◆ **Task instructions**:
Please transcribe the listing below exactly, but only from the line containing "this 1920×1282 image." through its last line.

○ ○ ○ ○ ○ ○ ○

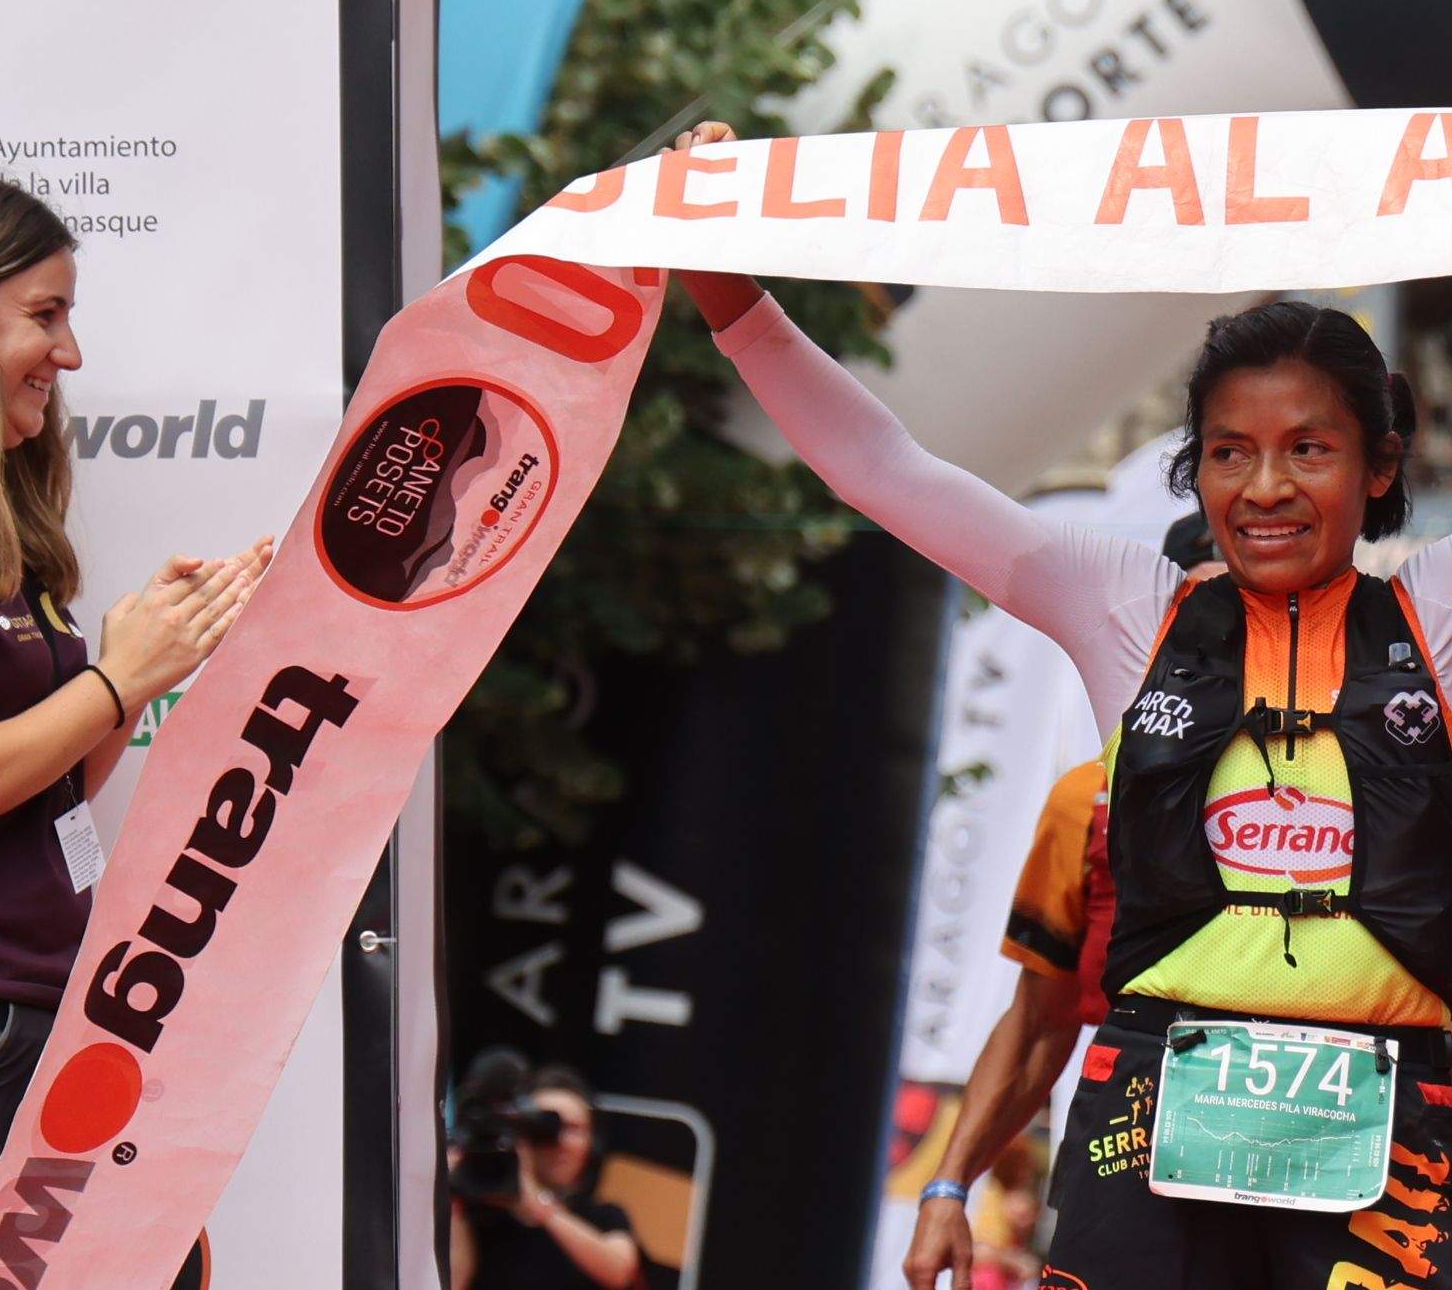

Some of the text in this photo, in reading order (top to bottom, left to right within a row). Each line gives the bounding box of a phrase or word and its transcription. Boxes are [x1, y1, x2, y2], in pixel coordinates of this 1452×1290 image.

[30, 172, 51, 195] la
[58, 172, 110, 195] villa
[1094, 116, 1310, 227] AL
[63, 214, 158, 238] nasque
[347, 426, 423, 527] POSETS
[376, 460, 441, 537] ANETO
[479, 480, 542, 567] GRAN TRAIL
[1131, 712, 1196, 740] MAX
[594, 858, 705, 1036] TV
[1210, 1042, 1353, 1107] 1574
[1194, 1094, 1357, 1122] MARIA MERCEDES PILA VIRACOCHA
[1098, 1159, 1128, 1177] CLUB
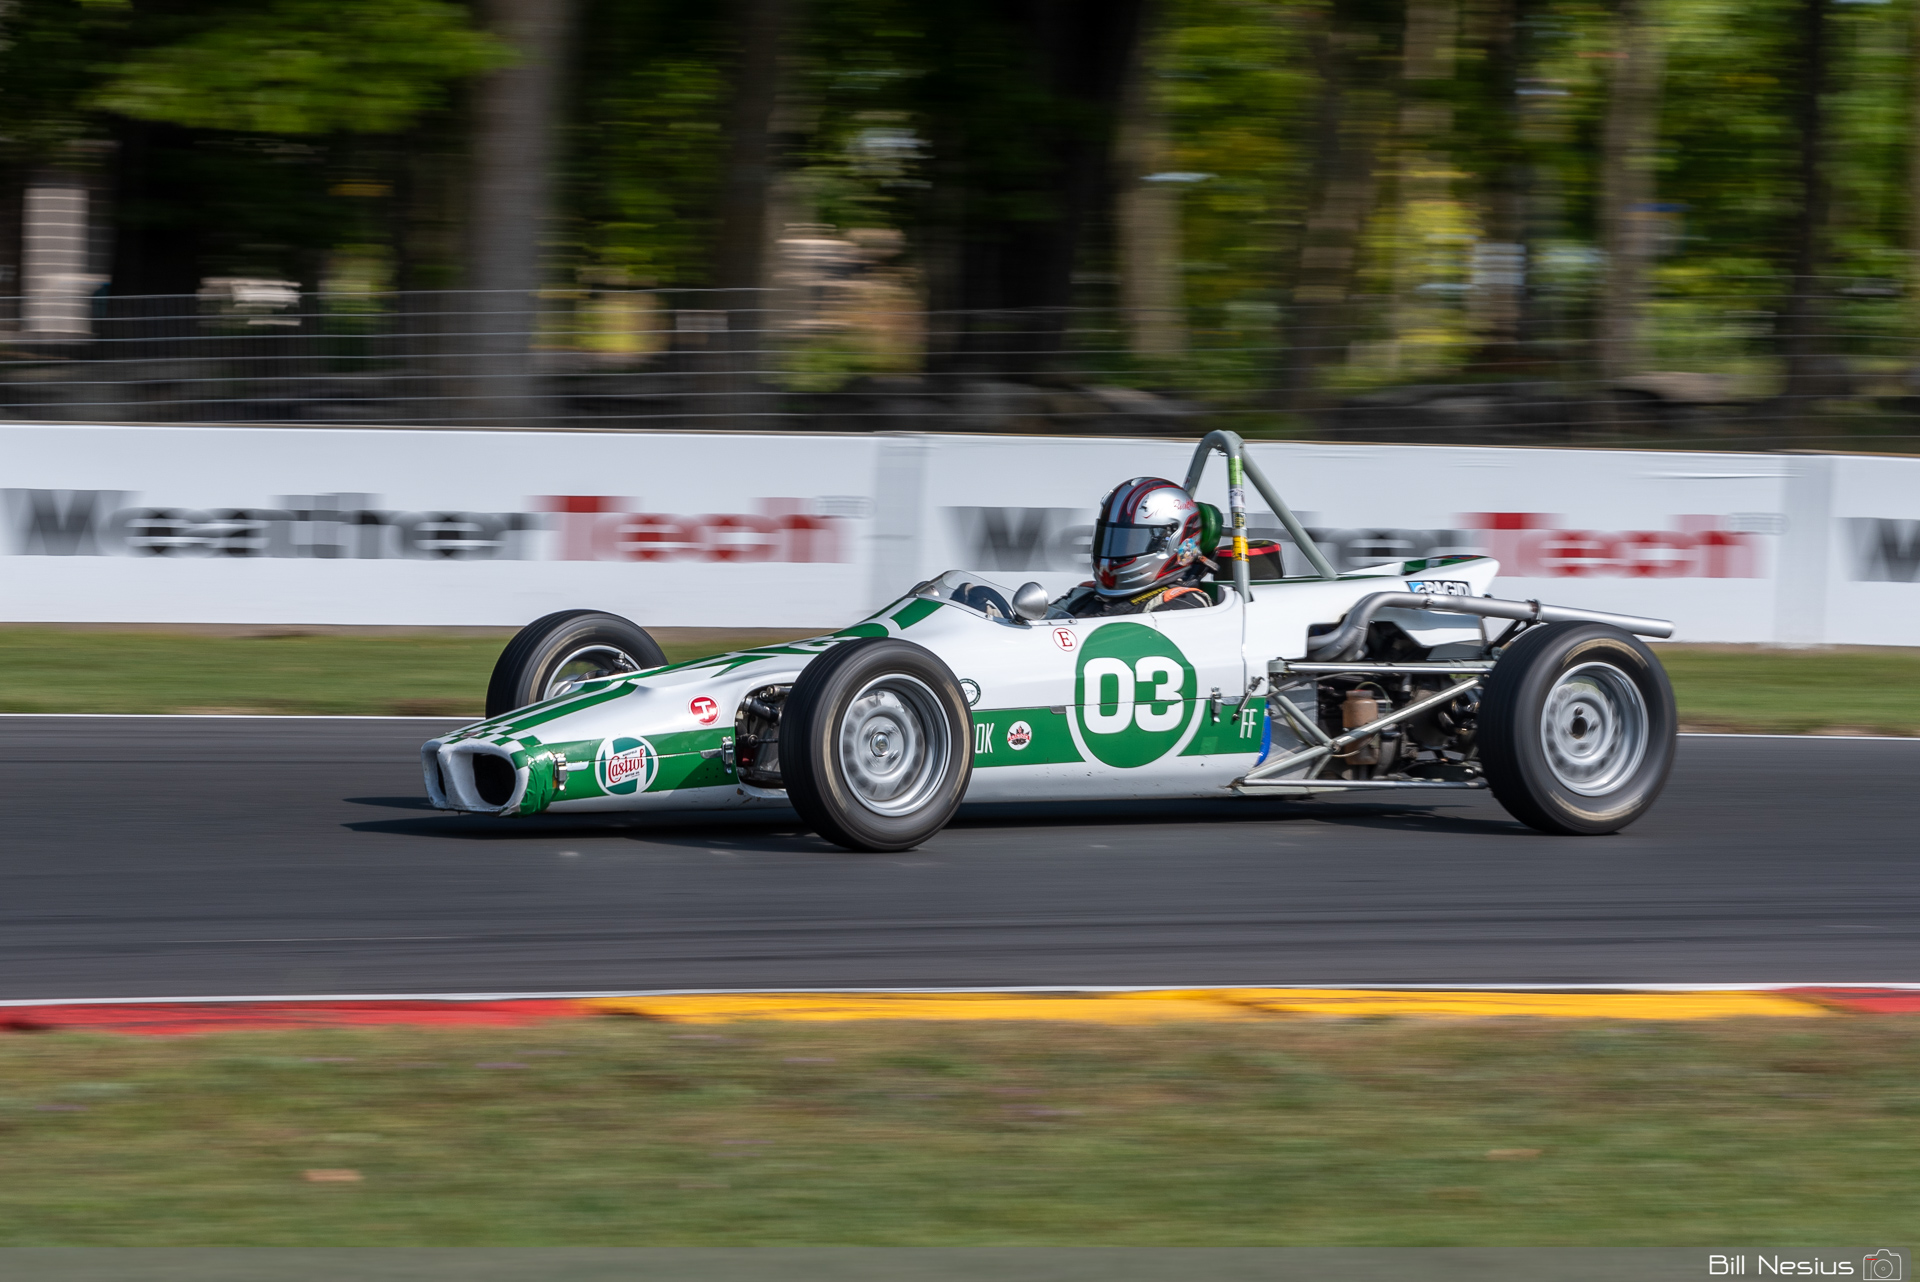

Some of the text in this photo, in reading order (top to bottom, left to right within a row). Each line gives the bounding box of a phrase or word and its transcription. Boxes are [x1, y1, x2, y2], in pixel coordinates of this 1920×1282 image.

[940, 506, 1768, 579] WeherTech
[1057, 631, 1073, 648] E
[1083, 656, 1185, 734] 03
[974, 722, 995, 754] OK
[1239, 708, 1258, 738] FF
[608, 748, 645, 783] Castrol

○ ○ ○ ○ ○ ○ ○

◆ **Finished exercise**:
Some of the text in this photo, in reading order (top to bottom, left to right within a row). Each line gives the bounding box of a phrase or word and its transcription. Boxes are [x1, y1, x2, y2], in pixel coordinates of this 1920×1282 image.

[940, 506, 1768, 579] WeherTech
[1057, 631, 1073, 648] E
[1083, 656, 1185, 734] 03
[974, 722, 995, 754] OK
[1239, 708, 1258, 738] FF
[608, 748, 645, 783] Castrol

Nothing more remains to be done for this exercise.